If you see a picture in the data below, omit it and copy the rest exactly.

* [Information given]:
>>
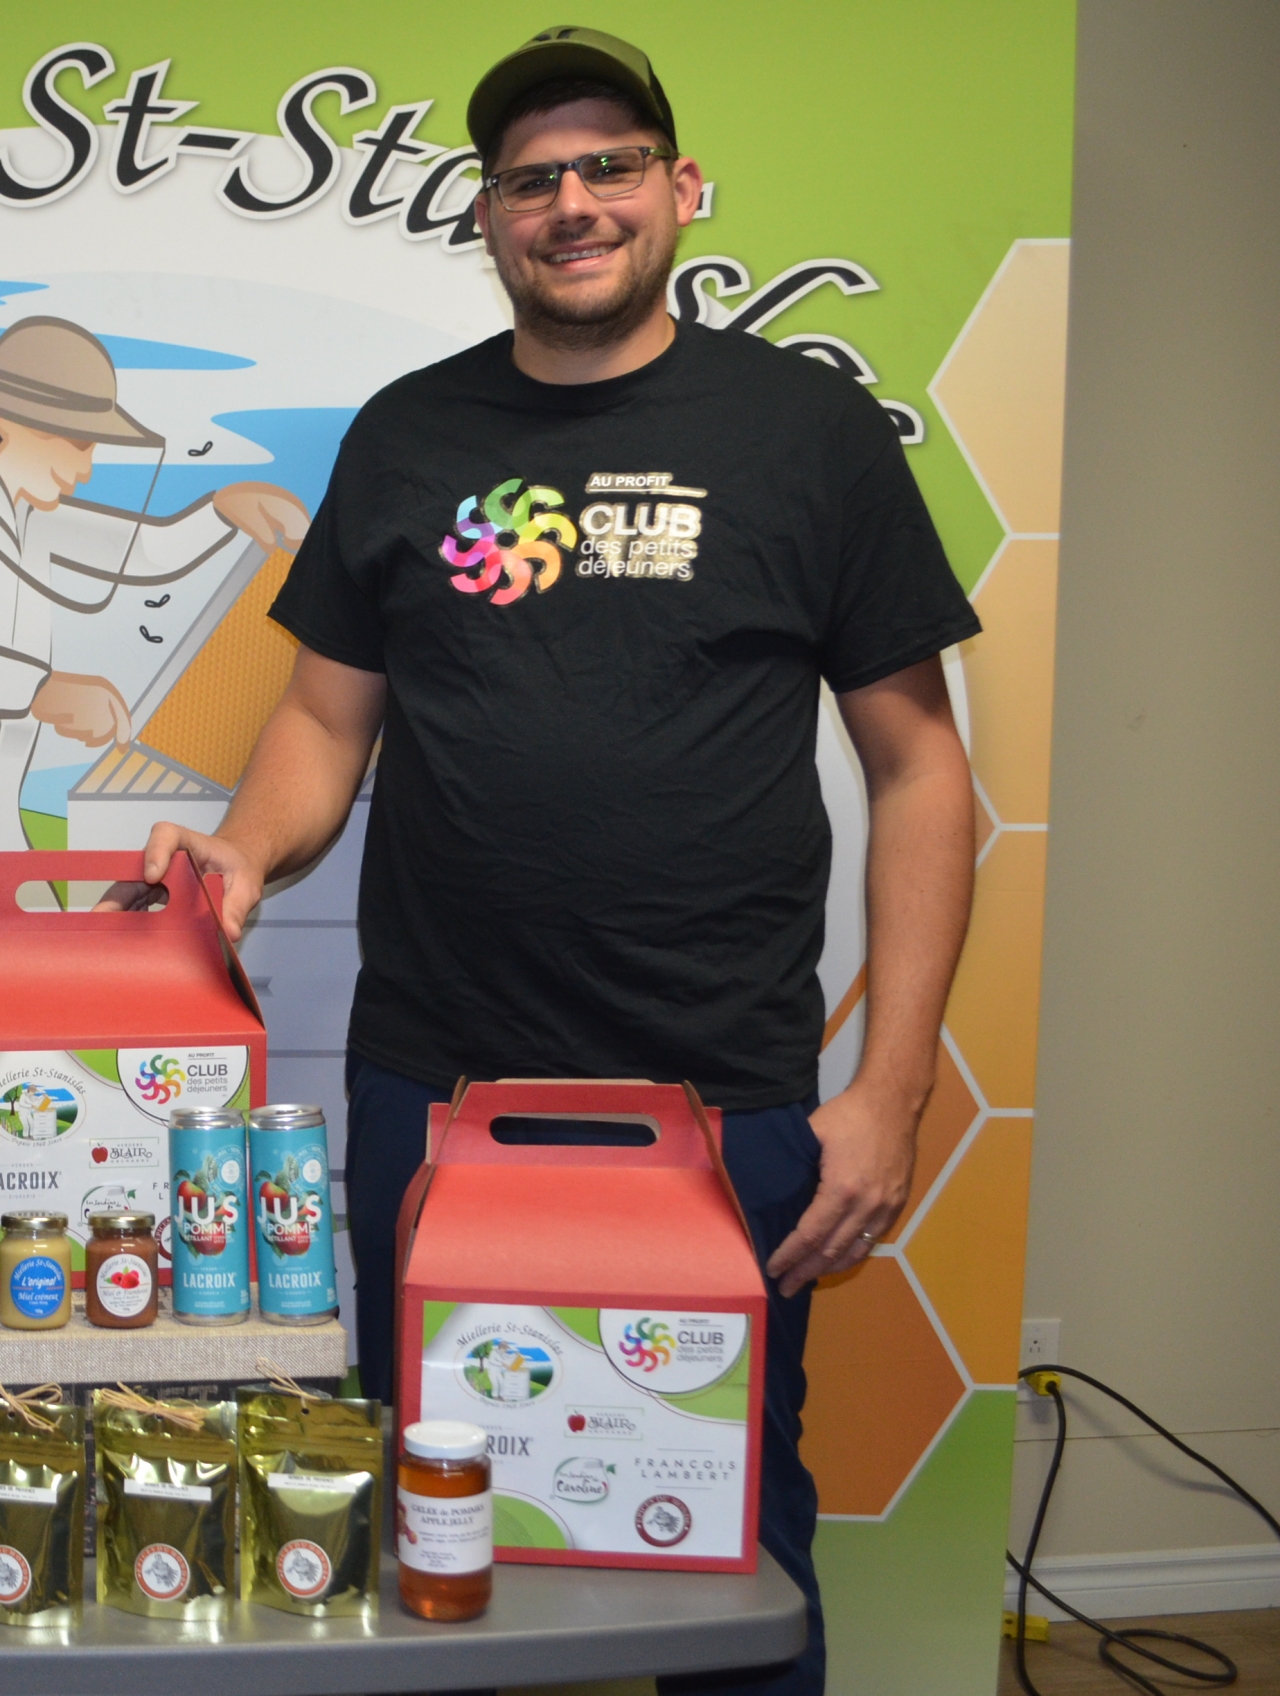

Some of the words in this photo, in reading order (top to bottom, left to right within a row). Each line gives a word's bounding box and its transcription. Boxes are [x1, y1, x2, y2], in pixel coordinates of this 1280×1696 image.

[590, 476, 611, 487] AU
[615, 476, 670, 488] PROFIT
[582, 505, 699, 538] CLUB
[580, 537, 622, 555] des
[628, 539, 695, 559] petits
[578, 557, 692, 579] déjeuners
[187, 1064, 228, 1077] CLUB
[33, 1067, 86, 1095] St-Stanislas
[187, 1077, 202, 1085] des
[204, 1077, 228, 1086] petits
[186, 1084, 228, 1094] déjeuners
[110, 1148, 153, 1160] BLAIR
[174, 1195, 239, 1225] JUS
[256, 1194, 322, 1225] JUS
[184, 1222, 232, 1235] POMME
[267, 1223, 315, 1235] POMME
[22, 1276, 56, 1290] L'original
[184, 1272, 236, 1289] LACROIX
[269, 1271, 322, 1289] LACROIX
[18, 1292, 34, 1300] Miel
[456, 1322, 502, 1349] Miellerie
[677, 1330, 724, 1345] CLUB
[588, 1416, 636, 1430] BLAIR
[486, 1435, 530, 1456] ROIX
[641, 1470, 729, 1480] LAMBERT
[420, 1516, 446, 1526] APPLE
[448, 1516, 474, 1527] JELLY
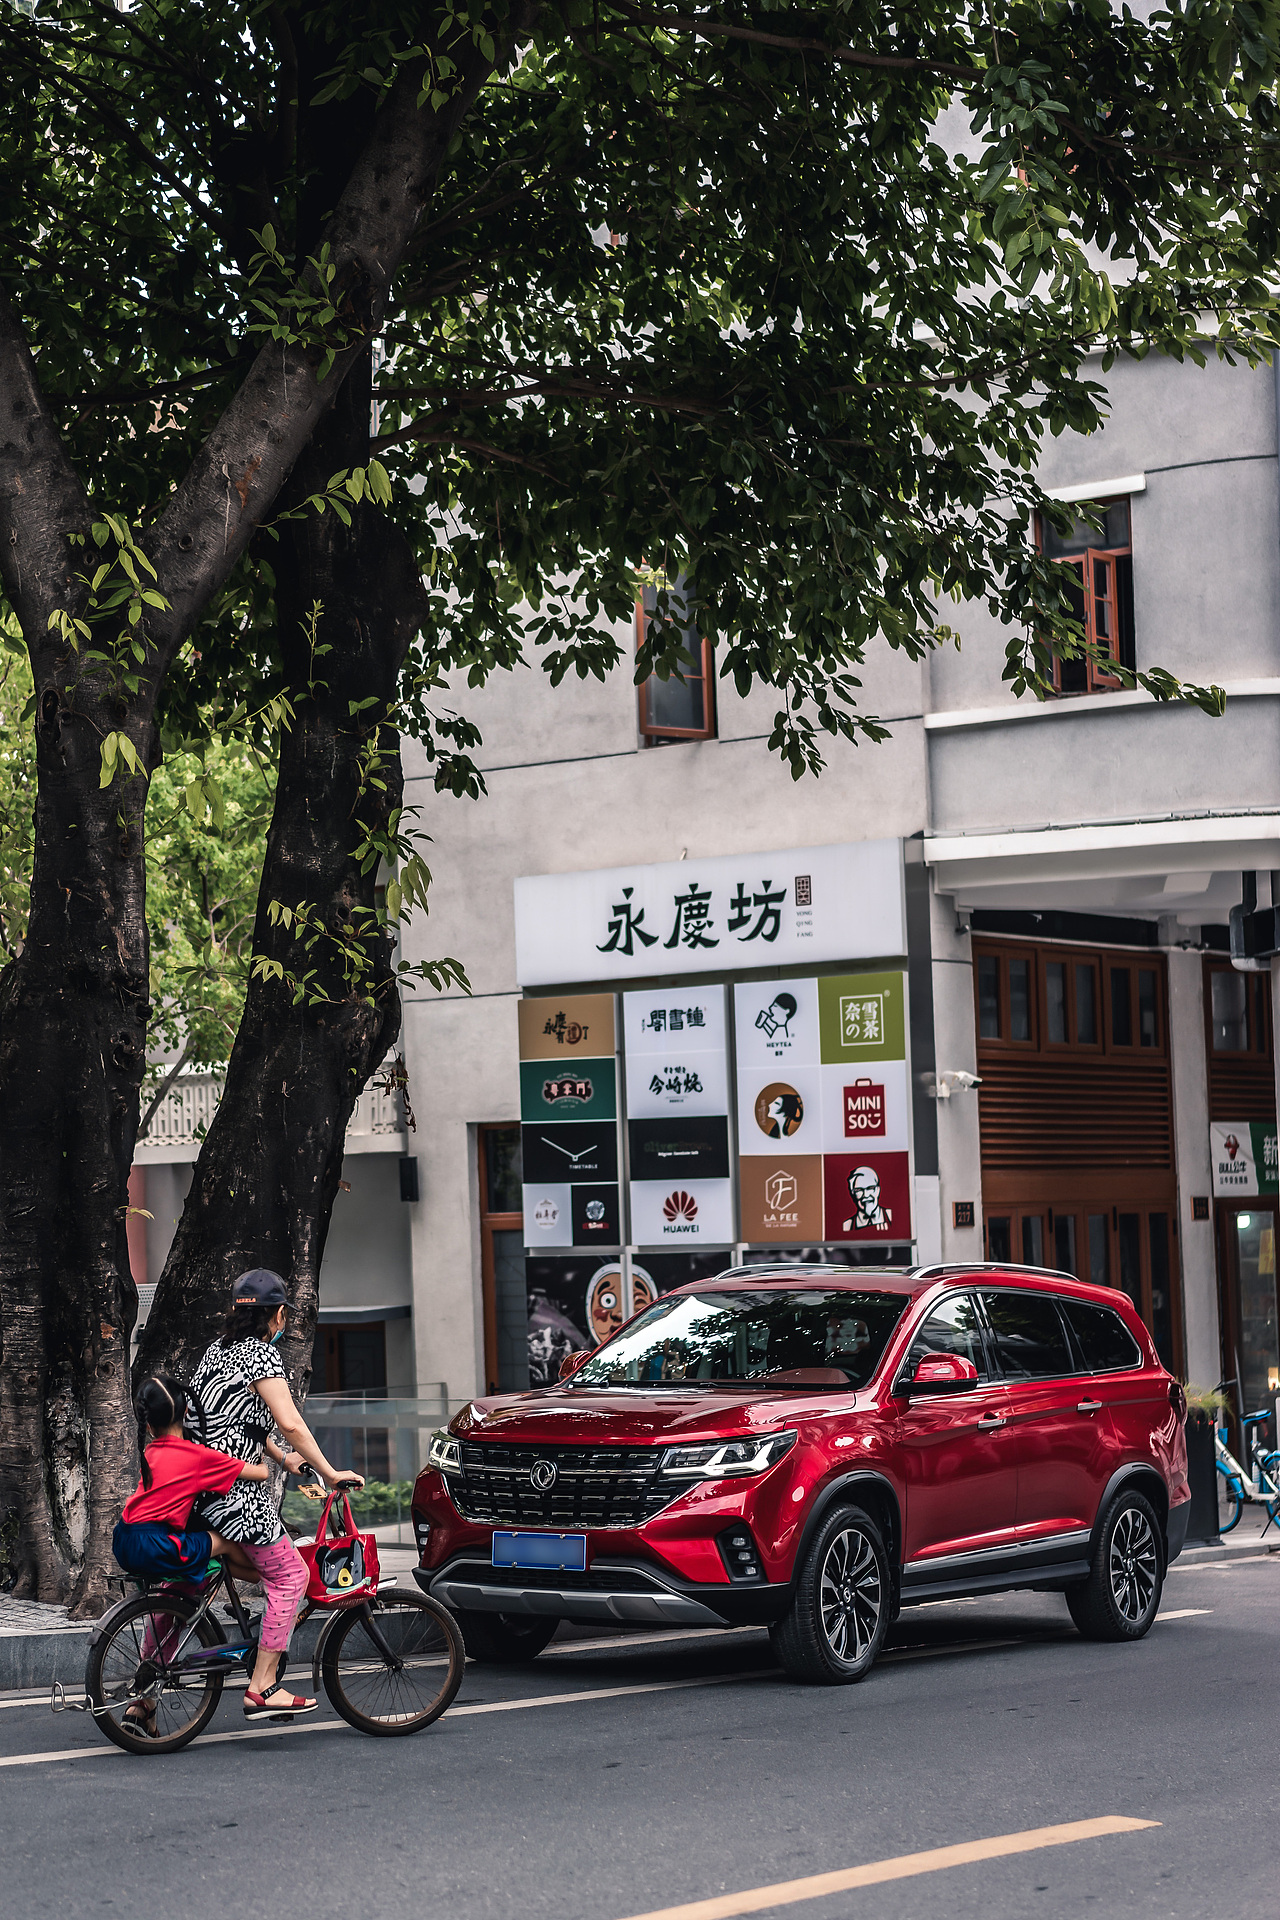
<<
* [Your solution]:
Some of the words in this photo, in reading order (top to bottom, left to right within a row). Each line gives a word's bounding box and its transcription. Boxes are [x1, y1, x2, y2], in pixel coordinates of this 1280×1696 image.

[590, 476, 611, 487] AU
[615, 476, 670, 488] PROFIT
[582, 505, 699, 538] CLUB
[580, 537, 622, 555] des
[628, 539, 695, 559] petits
[578, 557, 692, 579] déjeuners
[187, 1064, 228, 1077] CLUB
[33, 1067, 86, 1095] St-Stanislas
[187, 1077, 202, 1085] des
[204, 1077, 228, 1086] petits
[186, 1084, 228, 1094] déjeuners
[110, 1148, 153, 1160] BLAIR
[174, 1195, 239, 1225] JUS
[256, 1194, 322, 1225] JUS
[184, 1222, 232, 1235] POMME
[267, 1223, 315, 1235] POMME
[22, 1276, 56, 1290] L'original
[184, 1272, 236, 1289] LACROIX
[269, 1271, 322, 1289] LACROIX
[18, 1292, 34, 1300] Miel
[456, 1322, 502, 1349] Miellerie
[677, 1330, 724, 1345] CLUB
[588, 1416, 636, 1430] BLAIR
[486, 1435, 530, 1456] ROIX
[641, 1470, 729, 1480] LAMBERT
[420, 1516, 446, 1526] APPLE
[448, 1516, 474, 1527] JELLY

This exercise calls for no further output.